先日、とあるプロジェクトに SwiftLint を導入したら、こんなことになりました。

大量の SwiftLint 警告

大量の SwiftLint 警告

本日はこの大量の SwiftLint 警告のうち、約 9 割を一瞬で解決した方法をご紹介します。

ただし、僕は正規表現をほとんど初めて書いたので、もっとスマートなやり方はありそうです。
そこだけご注意いただければと思います。 (もっといい正規表現思いついた方はコメントください 🙇🏻‍♂️)

Warnigns のほとんどを占めるルール

この 154 個 (実際には表示しきってないだけでもっとあった) のうちのほとんどが comment_spacing でした。

つまり、以下のように修正すれば解決したわけです。

//HogeHoge comment ← これを
// HogeHoge comment ← こう

追記: swiftlint autocorrect を使えば一発だよ

今回は「正規表現によって倒したよ」っていう話が本当はしたかったのですが、社内に共有したら、

swiftlint autocorrect 使いません?

とのこと。半信半疑で調べて swiftlint autocorrect を実行してみると、、、

全部、直ってる〜〜〜〜〜〜〜!!!!

しかも

// autocorrect 前
hoge { index in // 「index 使ってないなら _ とかにしといて」って注意されてる
    // index を使わない処理
}

// autocorrect 後
hoge { _ in
    // index を使わない処理
}

とかも直ってました。
皆さんも SwiftLint 導入したてで大量に Warning が出た場合は「取り敢えず swiftlint autocorrect を実行する!

これ、僕との約束です。

というわけで、この後は「autocorrect を使えば一発で解決するものをわざわざ工夫して正規表現で倒した話」をします。
興味がある方は流し見してください…

結論

結論を先に書いておくと、以下の画像のようにすればほとんど解決します。

解決した正規表現

解決した正規表現

テキストで書くと、 (\s//)([^\s/])$1 $2 って感じです。

ただ、これだと行頭にコメントが来ているものに対応できていないので、追加で、 (^//)([^\s/])$1 $2 の置換も実行すればほとんど解決すると思います。

まとめ

置換前のパターン置換後のパターン
(\s//)([^\s/])$1 $2
(^//)([^\s/])$1 $2

正規表現によるパターンマッチの解説

正規表現分かってる方は ↑ の正規表現だけ見て「ほーん、なるほど。そういうことね」ってなると思うんですけど、僕みたいに「正規表現使ったことない iOS エンジニア」の方もいらっしゃると思うので、この機に備忘録がてら解説します。
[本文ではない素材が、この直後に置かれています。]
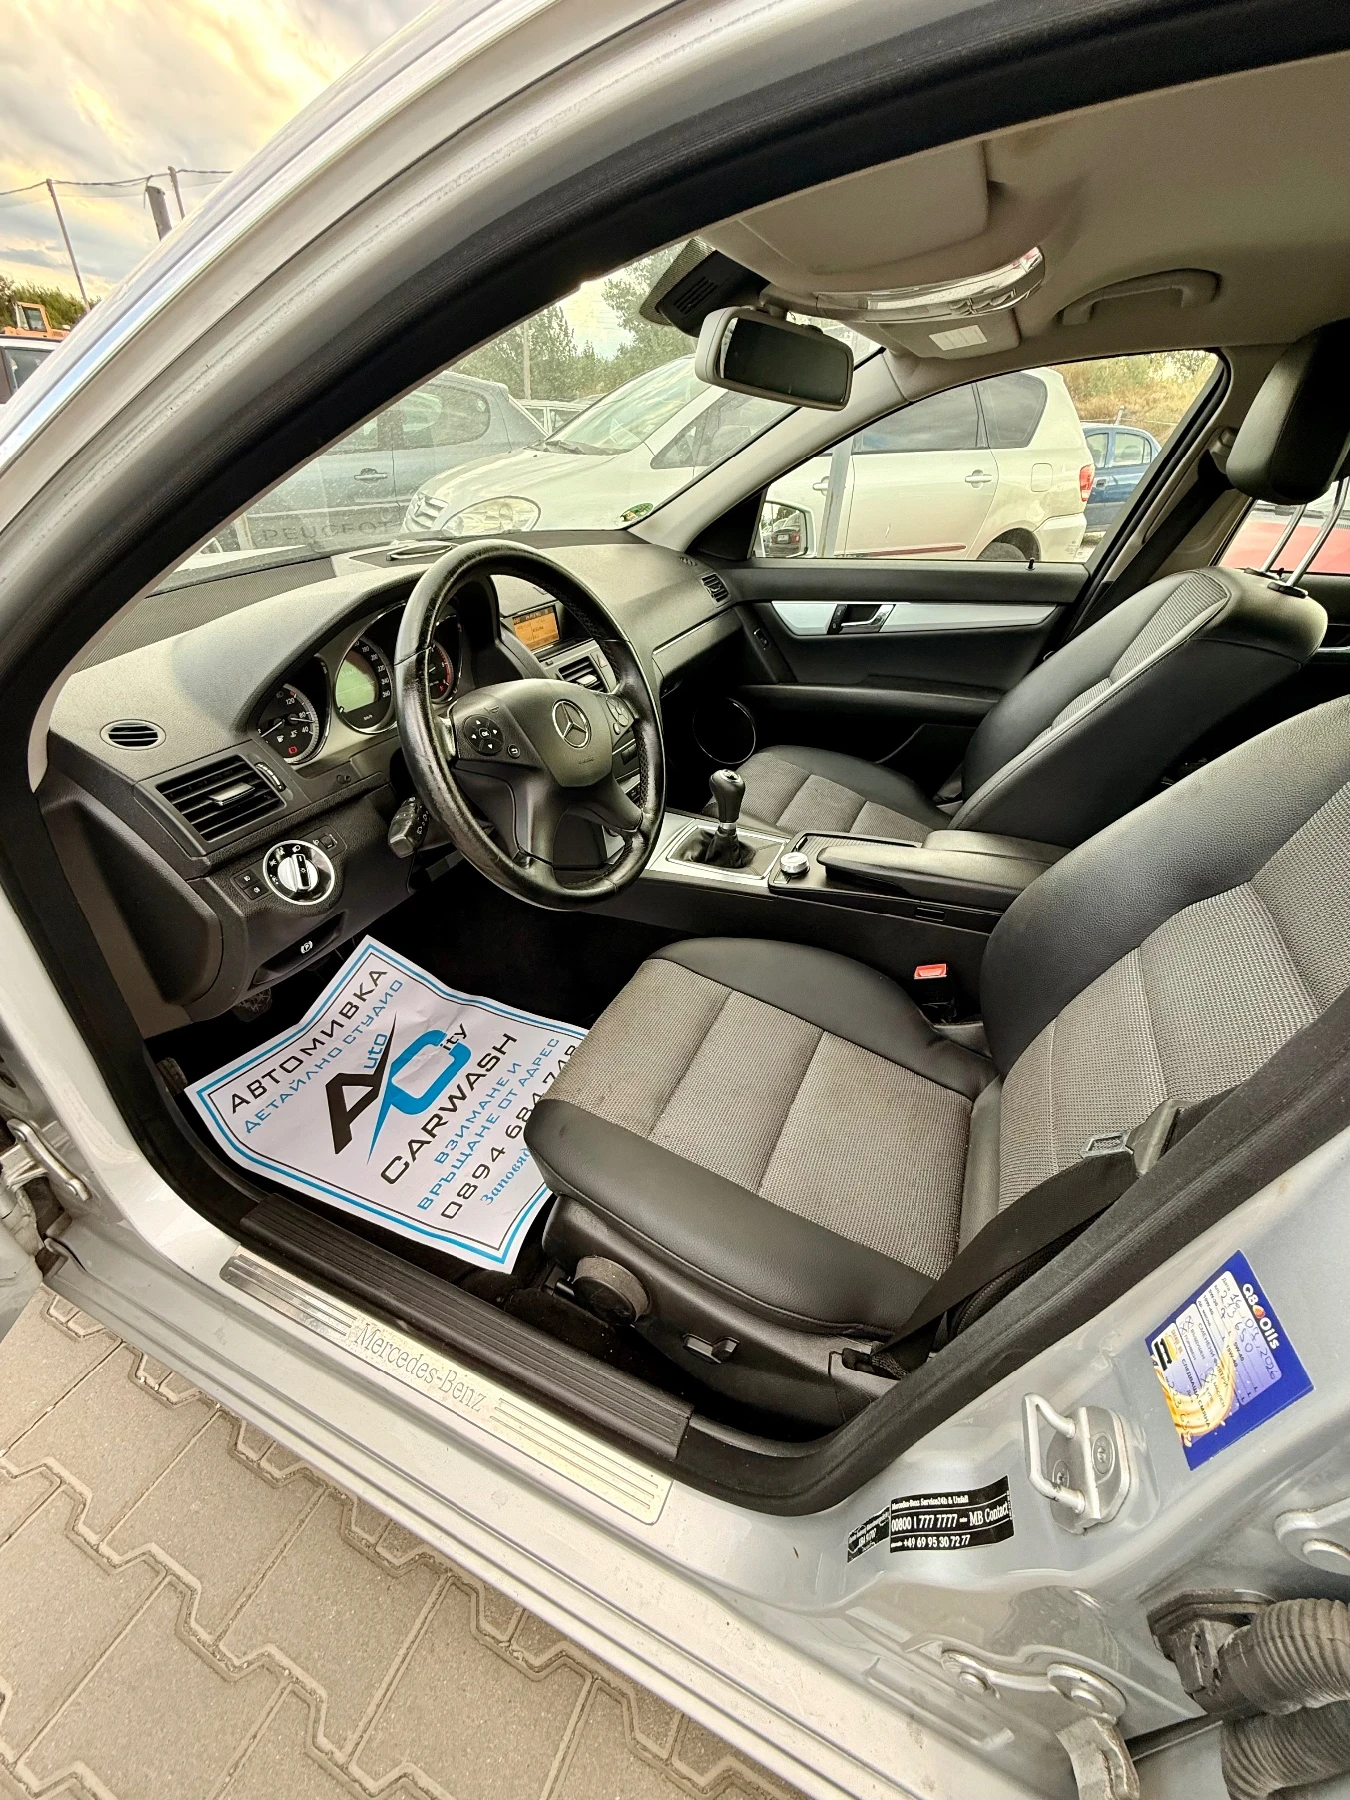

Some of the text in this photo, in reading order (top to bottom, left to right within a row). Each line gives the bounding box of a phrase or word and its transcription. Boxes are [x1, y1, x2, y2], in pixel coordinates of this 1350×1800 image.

やりたいこととしては //hoge// hoge なので、日本語にすると「2 連続のバックスラッシュの後にスペース以外が来てる文字列」になります。

正規表現で「以外」は ^ で、スペースは \s によって表されるので、 //^\s で行けそうです。
ですが、これにはまだ罠があります。

  1. https://daichidaiji.com みたいな URL もマッチしてしまう
  2. /// の Doc. コメントにもマッチしてしまう

つまり、 https://daichidaiji.comhttps:// daichidaiji.com になり、 /// 関数の説明// / 関数の説明 になってしまい、問題ですよね。

URL にマッチさせないようにする

まずひとつ目ですが、コメントの前は大体スペースが来ているか、行頭にコメントを書くはずです。
なので、

  • 「2 連続のバックスラッシュ…」 → 「スペースの後に 2 連続のバックスラッシュ…」
    • //^\s\s//^\s
  • 「2 連続のバックスラッシュ…」 → 「行頭が 2 連続のバックスラッシュ…」になります。
    • //^\s^//^\s
      • 行頭は ^ で表されます。

とマッチさせれば URL にマッチすることはなくなりそうです。

/// のDoc. コメントにマッチさせないようにする

次に、 /// にもマッチしてしまう問題ですが、「2 連続のバックスラッシュの後にスペース以外が来てる文字列」 → 「2 連続のバックスラッシュの後にスペースまたは / 以外が来てる文字列」と変化させます。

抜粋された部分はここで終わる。